The Typical Cheat: Bouncing a heavy barbell off your chest to help lift it back to the starting position.
Why It's a Problem: Because it could kill you. "This may be the riskiest thing men do in the gym," says Craig Ballantyne, C.S.C.S., author of Turbulence Training. Bouncing the bar can lead to a loss of control, putting you at risk of a crushed neck and asphyxiation.
How to Perfect Your Form: Before you bench, put a rolled-up towel down the middle of your upper body so that one end is at the center of your chest. Aim for the end of the towel on each repetition. Concentrating on accuracy ensures that you'll have control of the weight, says Ballantyne.
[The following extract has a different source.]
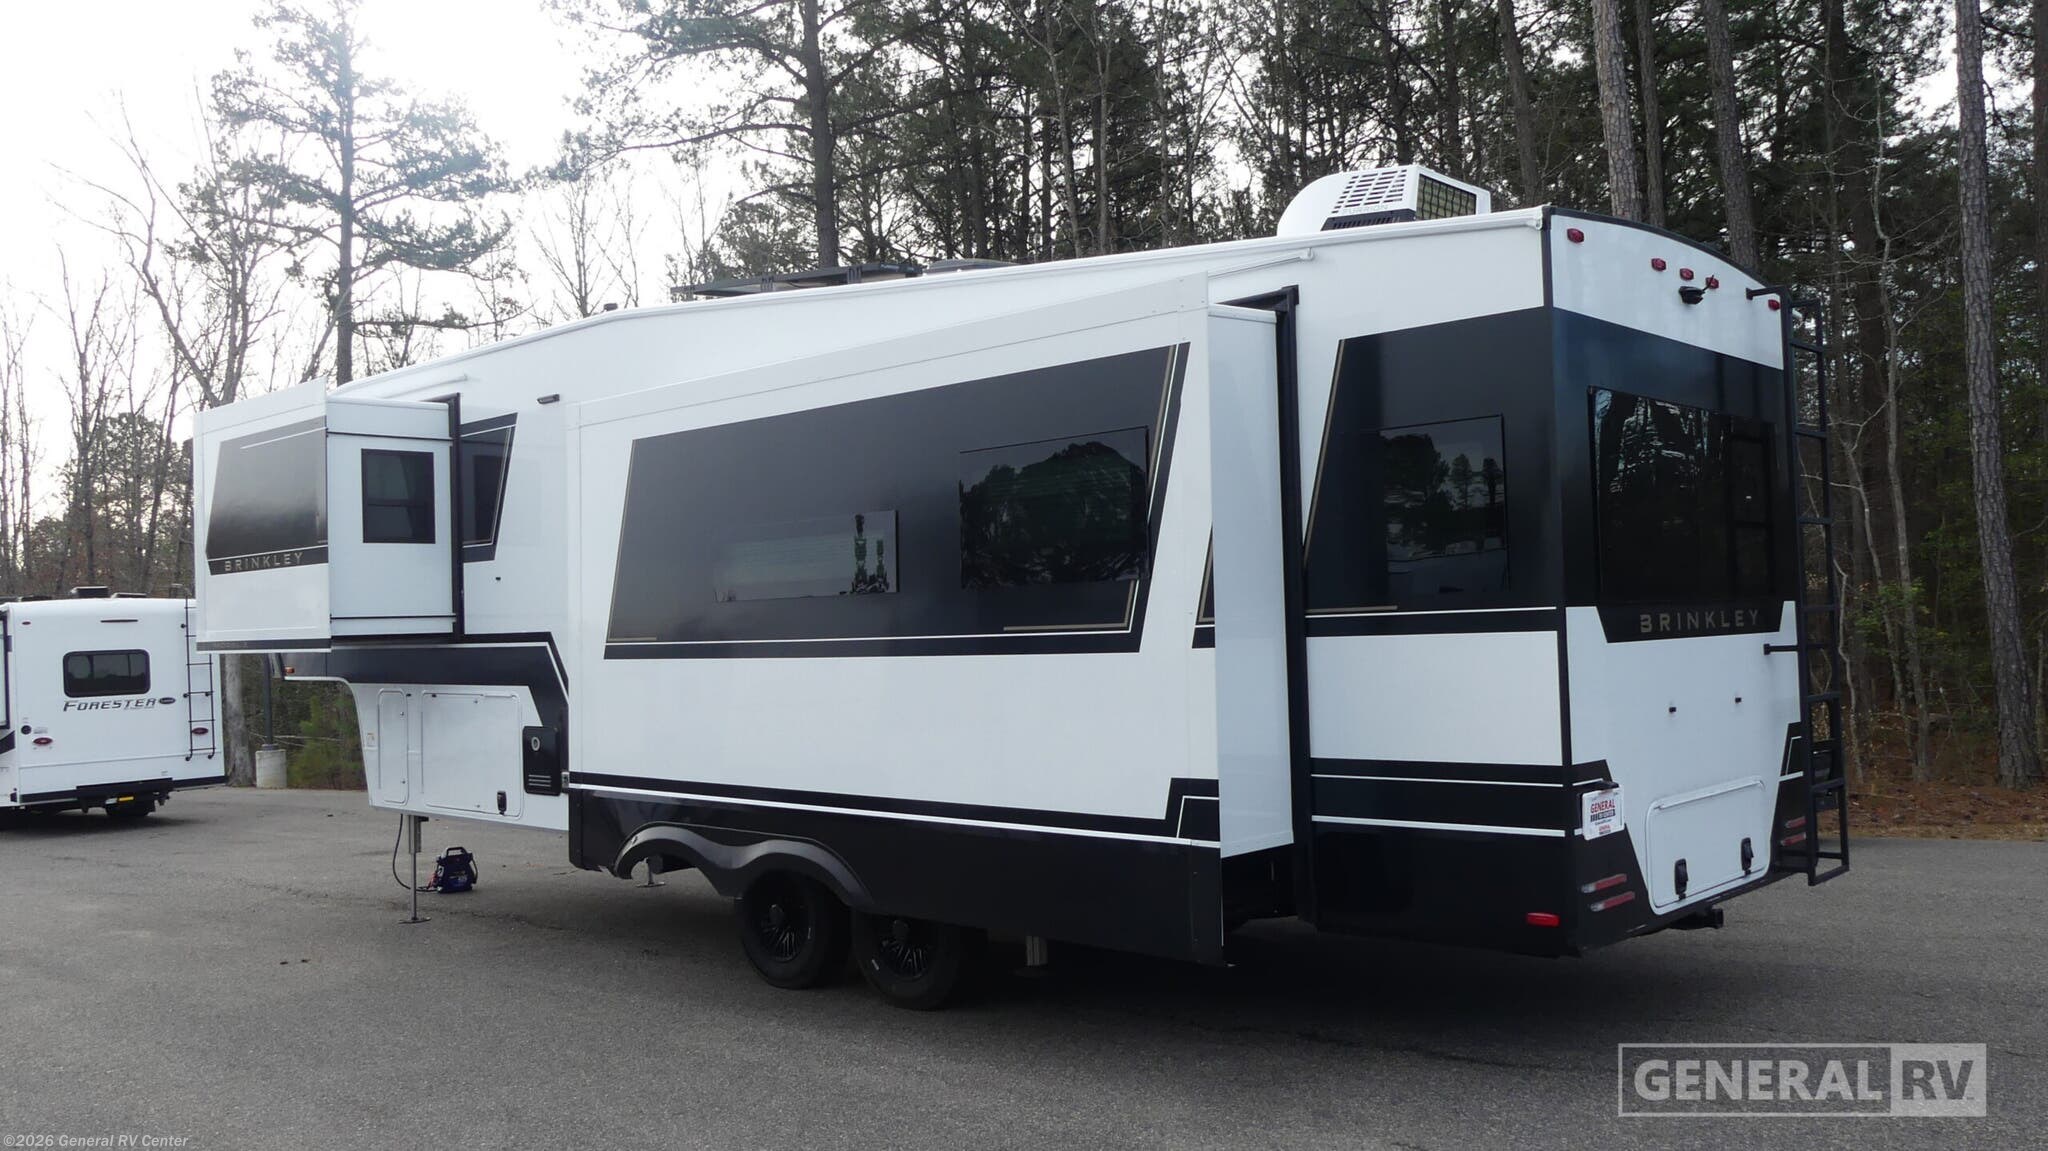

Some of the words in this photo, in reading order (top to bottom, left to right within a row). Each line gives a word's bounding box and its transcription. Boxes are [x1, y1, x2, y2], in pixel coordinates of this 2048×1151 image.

[224, 552, 303, 572] BRINKLEY
[1639, 608, 1759, 633] BRINKLEY
[1590, 799, 1616, 814] GENERAL
How To Cheat Smart: Try this touch-and-go "towel press." Use 50 percent of the weight that you usually use for 6 to 8 repetitions. Do 8 sets of 3 repetitions with a 30 second rest after each set. Place the towel on your chest and lower the bar as quickly as you can; as soon as the bar touches the towel, push it up as fast as possible. Imagine that if the bar touches the towel for too long, it'll burn your chest.
The Benefit: You'll learn to lift quickly while under control, which will translate into greater strength when you do a normal bench-press workout.
Next week: Biceps Curls

Previous Tips:
When Time is Tight, Should You Choose Cardio or Weights?
The answer is BOTH. According to an article in the September 2009 issue of Oxygen magazine, aerobic exercise reduces the inflammation that can lead to heart disease. The article claims that busy gym-goers who skip cardio workouts have the same risk for heart disease as those who smoke, have high blood pressure and high cholesterol. Meanwhile, strength training has been shown to lower LDL, raise HDL and lower blood pressure. Cardio burns calories while strength training ups your metabolic rate, leading to weight loss or maintenance that will further reduce your risk of heart disease. The moral of this story? Weight training along with aerobic exercise improves metabolic parameters that reduce your risk of cardiovascular disease.